Besides their relatively small presence in the U.S., Fortis also operates power plants in the Cayman Islands. Their recent revenue drop is actually due to the loss of their power business in Belize, which was seized by that government in 2011. Most of their $13.6 billion assets are divided among electricity and gas plants:
FTS Stock Chart
FTS Dividend Growth Chart
It's important to mention that Fortis has been increasing its dividend for the past 40 years on a consecutive basis, which means the company has made the podium for a Canadian dividend growth stock. Over the past six years, the payout ratio has been quite stable between 58% and 68%:
The Company Ratios and Financial Info:
|Current Dividend Yield||3.64|
|5 year Dividend Growth||7.91|
|1 year Dividend Growth||3.45|
|Sales Growth (1 year)||2.46|
|Sales Growth (5 year)||2.13|
|EPS growth (5 year)||8.39|
|P/E Next Year||18.24|
|Return on Equity||8.12|
|Debt to Capital Ratio||0.94|
The evolution of the EPS compared to dividend growth is still pretty much in line:
You can see here the determination that management has to align the dividend payouts according to the success of the company.
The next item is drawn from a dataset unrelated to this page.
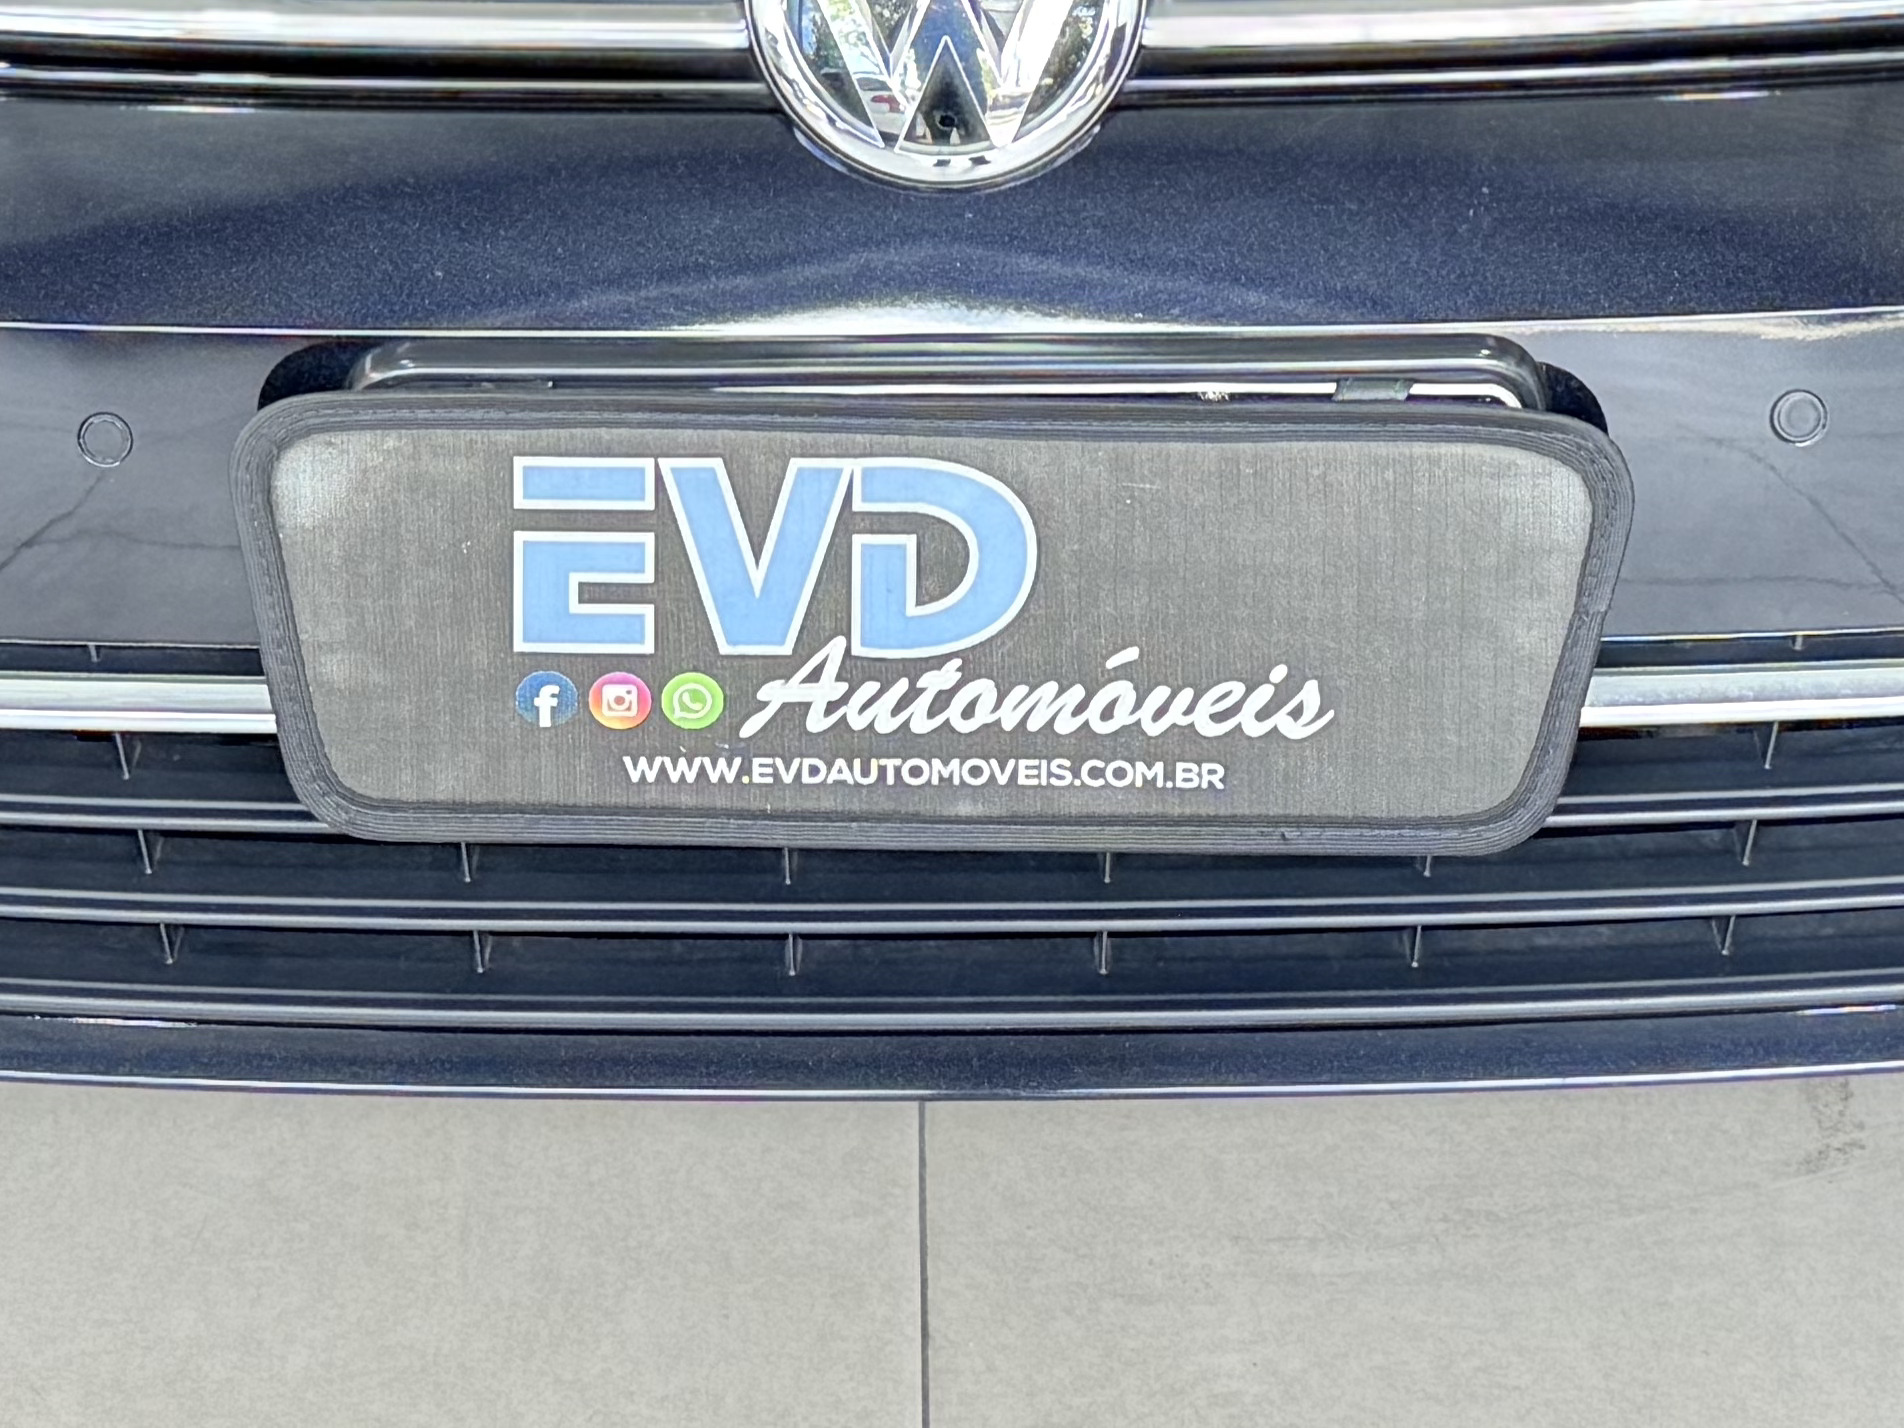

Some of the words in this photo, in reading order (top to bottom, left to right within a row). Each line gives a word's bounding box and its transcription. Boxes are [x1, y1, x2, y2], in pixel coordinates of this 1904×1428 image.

[513, 455, 1038, 659] EVD
[739, 635, 1335, 740] Automóveis
[622, 755, 1226, 791] WWW.EVDAUTOMOVEIS.COM.BR
What worries me a bit is the five-year sales growth that is anemic (2.13%). While FTS has worked on its business to make it more profitable, the slow sales growth could reduce their potential of increasing their dividend by nearly 8% annually. You can also see that the dividend was only increased by 3.45% last year.
Probably due to its impressive dividend growth performance, FTS is trading relatively high compared to the overall TSX. Its current P/E ratio is at 19.76.
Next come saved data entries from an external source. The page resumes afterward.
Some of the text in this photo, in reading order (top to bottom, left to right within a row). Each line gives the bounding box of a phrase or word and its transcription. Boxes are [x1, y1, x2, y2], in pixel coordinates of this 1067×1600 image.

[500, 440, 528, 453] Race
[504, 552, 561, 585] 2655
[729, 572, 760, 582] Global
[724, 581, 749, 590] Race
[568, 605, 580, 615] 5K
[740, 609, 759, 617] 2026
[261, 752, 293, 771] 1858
Fortis' Upcoming Opportunities and Dangers
Fortis has clearly established its core business a while ago and has stuck to the electricity and natural gas businesses. This is definitely a great sign of stability for current investors as its main market, Canada, shows a strong economy and should continue to expand in the future. FTS strategy relies on its internal growth within their existing operations and external growth through expansion of its core business. I like the fact that FTS is not taking too much risk in their operating business. So far, the growth has been coming from their operations in Western Canada but could eventually slowdown with the overall economic situation.
The evolution of power resources (notably natural gas) is probably the main danger for a company like Fortis. Since half of its assets are held in natural gas, any regulation (think of Belize) or price movement on the market can greatly affect its core business. Future massive investments to develop energy sources (shale gas) can also be required in the future. Fortis will eventually have to move towards greener energy sources and invest massively if they want to keep up with ever changing regulations.
Final Thoughts on Fortis
Fortis is definitely a synonym of stability among utilities in Canada. Its main markets are relatively safe for now and should benefit from a natural growth. If the purchase of CHG is approved by regulators and completed, FTS should be able to seek growth from this acquisition.
In my opinion, FTS is trading at a relatively high price, but it’s the premium to pay for a strong dividend growth stock.
Disclaimer: I do not hold shares of FRTSF.PK in my portfolio.